I’ve been writing about them for the past week, since the Tour de France left the Pyrenees behind, and they are finally here. The Alps arrived in dramatic fashion for the Tour de France over the weekend, and as a result, we have a new leader. The weekend also brought an end to some of the drama around Team Astana, while controversy swirled around the competition for the Green Jersey.
Since leaving the Pyrenees behind, the race has mostly belonged to the sprinters, who chased points in the Green Jersey competition all week long. At one point, Mark Cavendish appeared to have that jersey all locked up after claiming his fourth stage win this year. His closest rival, Thor Hushovd, even seemed to concede that Cavendish would be in Green when the race reached Paris. But Cavendish made a bit of a miscalculation on Friday, a day with some challenging climbs, and Thor reclaimed the jersey heading into the Alps where sprint points are non-existent. The competition between the two heated up even more on Saturday, when Hushovd accused Cavendish of trying to press him into the barriers on a sprint finish. The judges agreed and docked Cav points, dropping him 18 points behind the “God of Thunder”, and all but assuring that it’ll be Thor in Green on the Champs-Elysees.
But the real competition is in the General Classification, where heading into Sunday, Rinaldo Nocentini had held on to the Yellow Jersey for more than a week. But he was expected to crack on the slopes of the Alps, and as predicted, he fell off the pace on the climb up Verbier, a Category 1 climb that hid the finish line at its summit. While on that mountain, the top riders all moved into position to attempt to make a move. Lance Armstrong and Alberto Contador were escorted by teammate Andres Kloden, who is having a great tour himself. The Schleck brothers, Andy and Frank, were in the leading group, as was Cadel Evans and Bradley Wiggins, who seems to be the most improved rider of the Tour this year. All of the contenders hung tough and appeared to be suffering to some degree, and as if sensing that, Contador went on the attack, easily leaving the other riders in his wake, including teammate Armstrong. At the end of the day, he blasted across the finish line, taking the stage win, and donning the Yellow Jersey for the first time since he won the Tour back in 2007.
Contador’s strong ride showed that he is the man to beat in the tough week ahead. He was clearly the strongest climber and overall rider, but the race is far from over, and with several tough mountain stages in the next few days, it’ll be interesting to see how the other contenders react following tomorrow’s rest day. Tomorrow, in particular, is going to be a rough day for the riders, with two HUGE climbs, the first beyond category and the second a Cat 1 that will have the legs screaming. Look for Andy Schleck, Cadel Evans, and last year’s champion Carlos Sastre to make an attack on Contador. Sastre in particular had a great ride on Sunday and seems to be getting stronger as the Tour goes on.

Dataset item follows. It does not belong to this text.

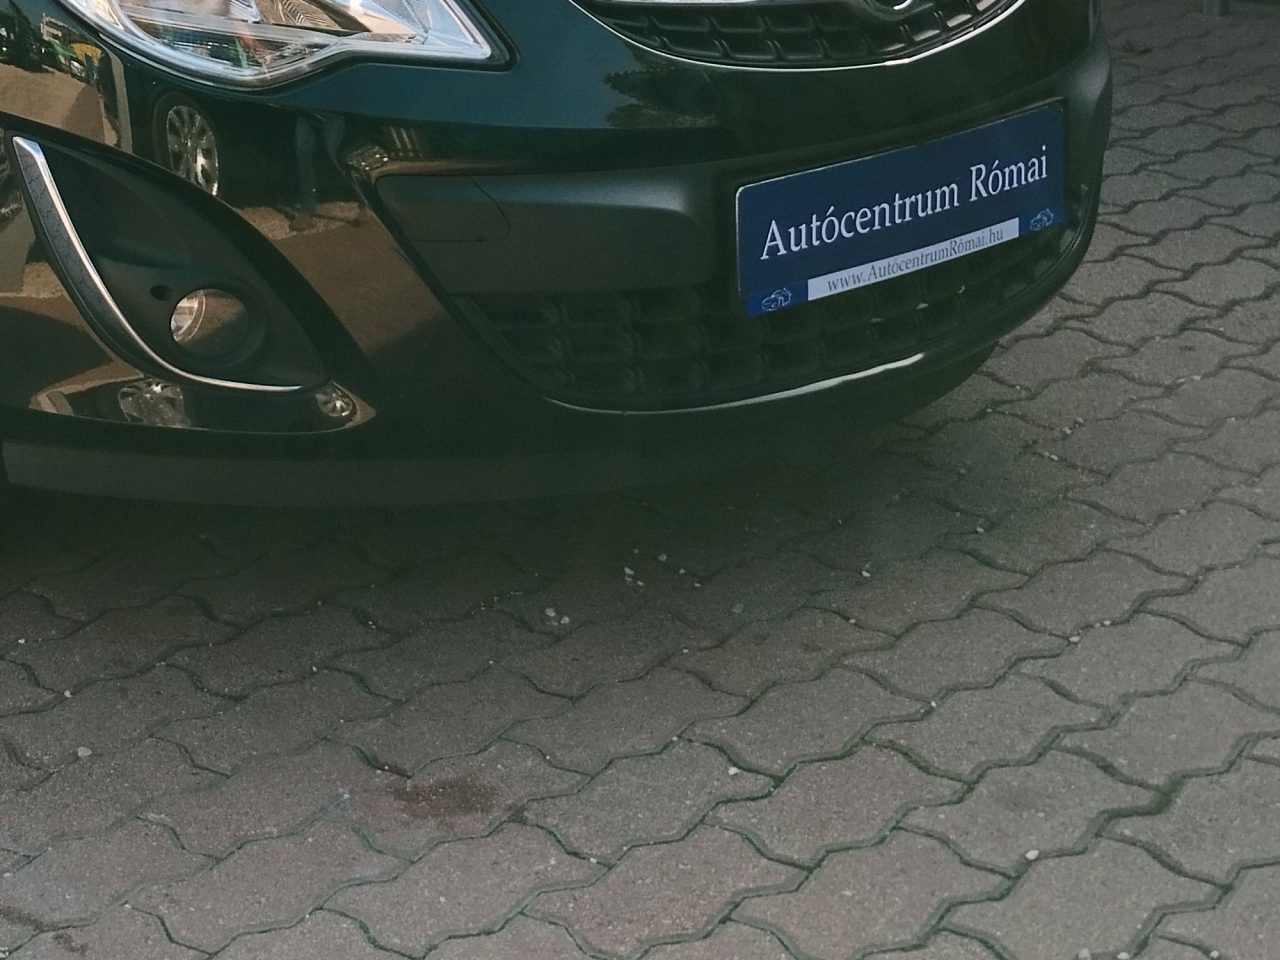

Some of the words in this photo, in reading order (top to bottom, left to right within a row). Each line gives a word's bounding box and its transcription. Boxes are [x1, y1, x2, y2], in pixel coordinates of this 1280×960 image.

As for Team Astana, who seemed to be having internal issues since the Tour began thanks to the presence of both Contador and Armstrong, who is currently in second place in the GC, 1 minute, 37 seconds behind the leader and 9 seconds ahead of the third place Wiggins. Following yesterday’s stage, Armstrong seemed to concede that Contador was the top rider on the team, and in the Tour itself, and that he wouldn’t be able to beat him going into Paris. So that should put an end to that controversy, and Alberto now has a focused, united team to take him home. They’ll have to work hard to hold off the challengers however, as no one else is conceding just yet.